Likely some governments feel they must give more priority to combatting Al-Qaeda and Isis and suchlike on land.

The Indonesian archipelago consists of about 17,000 islands (totalling about 1.9 million square kilometers of landmass, let alone the seas) and half the population is on just one of them (Java). Patrolling all that territory is not exactly a small order. The ships in question, while war graves and legally protected under international law, are Dutch, British, Australian, American, and Japanese vessels that were sunk before Indonesia existed as a nation. I can't say I'm surprised that patrolling for grave robbers is low on the local priority list.
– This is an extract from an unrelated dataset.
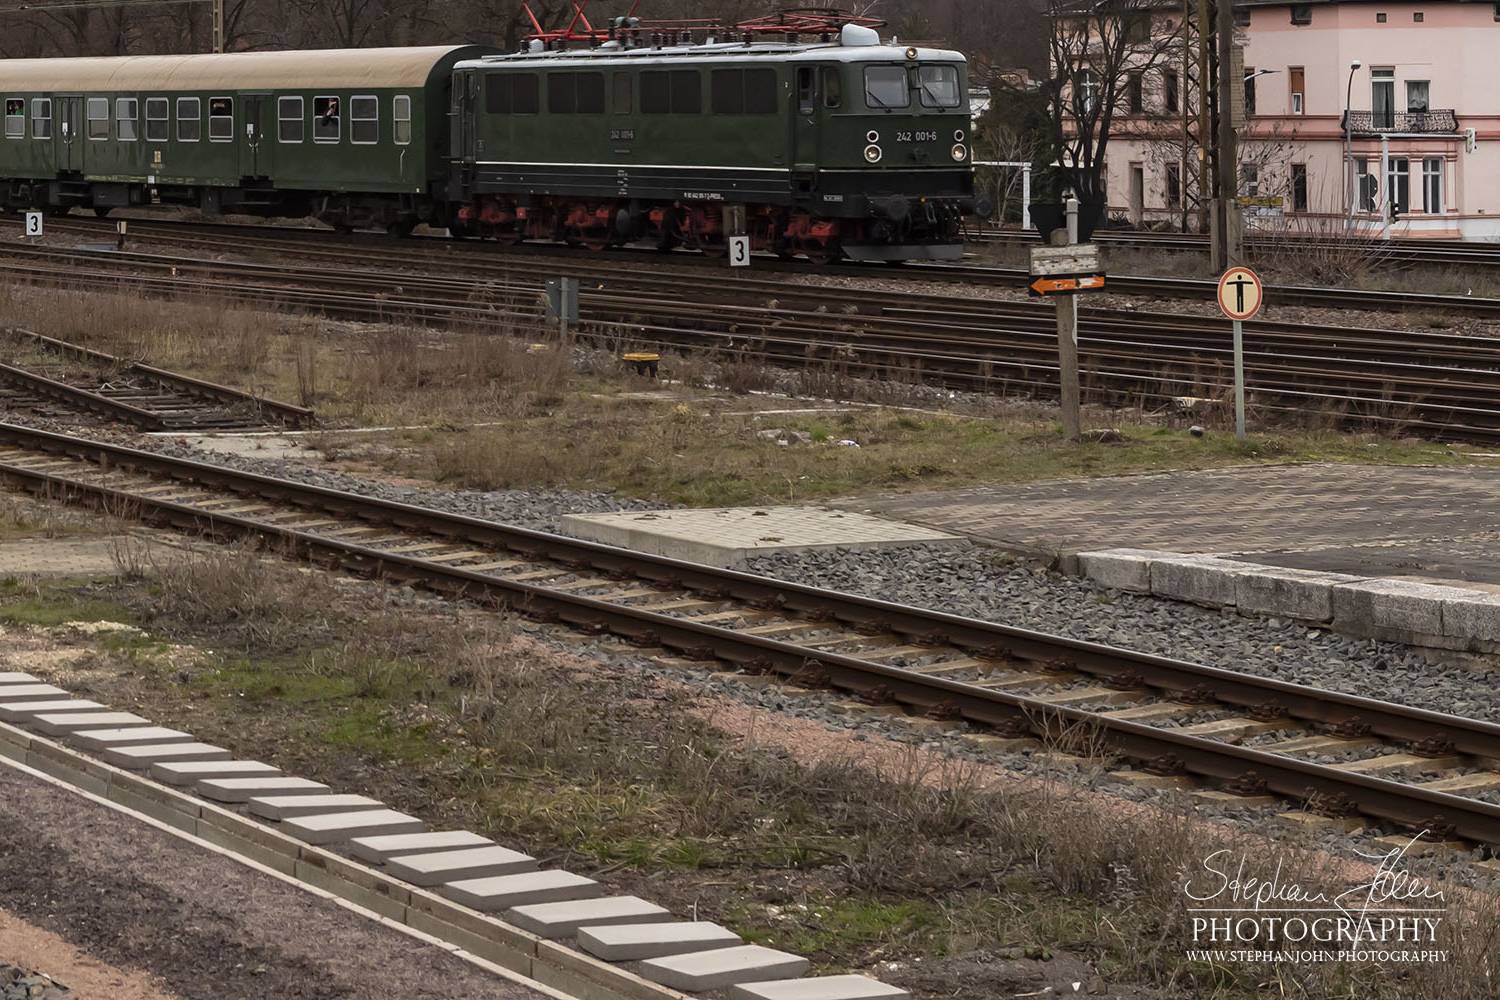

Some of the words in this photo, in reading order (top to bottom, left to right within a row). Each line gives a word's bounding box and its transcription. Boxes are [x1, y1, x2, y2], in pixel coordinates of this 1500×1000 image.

Most of the war wrecks in this area were only recorded, or at least extensively documented, in the last 15-20 years (HMS Prince of Wales and HMS Repulse were discovered not long after their sinking, but those are full-on capital ships and beyond recreational SCUBA depths). Overall the events that led to those sinkings don't feature on the highlight reels of the Allied navies; the elimination of Force Z and the total disintegration of the ABDA Command were almost entirely one-sided victories for the invading Japanese in the middle of what seemed like an unbroken string of such losses between December 1941 and April 1942.
 
On the Hamilton and Scourage wrecks that Canada stole from the US in Lake Ontario is monitored by a passive radar buoy. If a vessel lingers in the area for a half hour or more the buoy will transmit a live signal to the authorities. Talks have been ongoing about underwater measures also.
 
I do know that MAST in the UK is discussing with the British government to monitor some British historical wrecks via satellite. Cost is an issue.
 
Are these wrecks actually protected by international law, there’s no smash and grab operation going on without local approval. Someone is making money.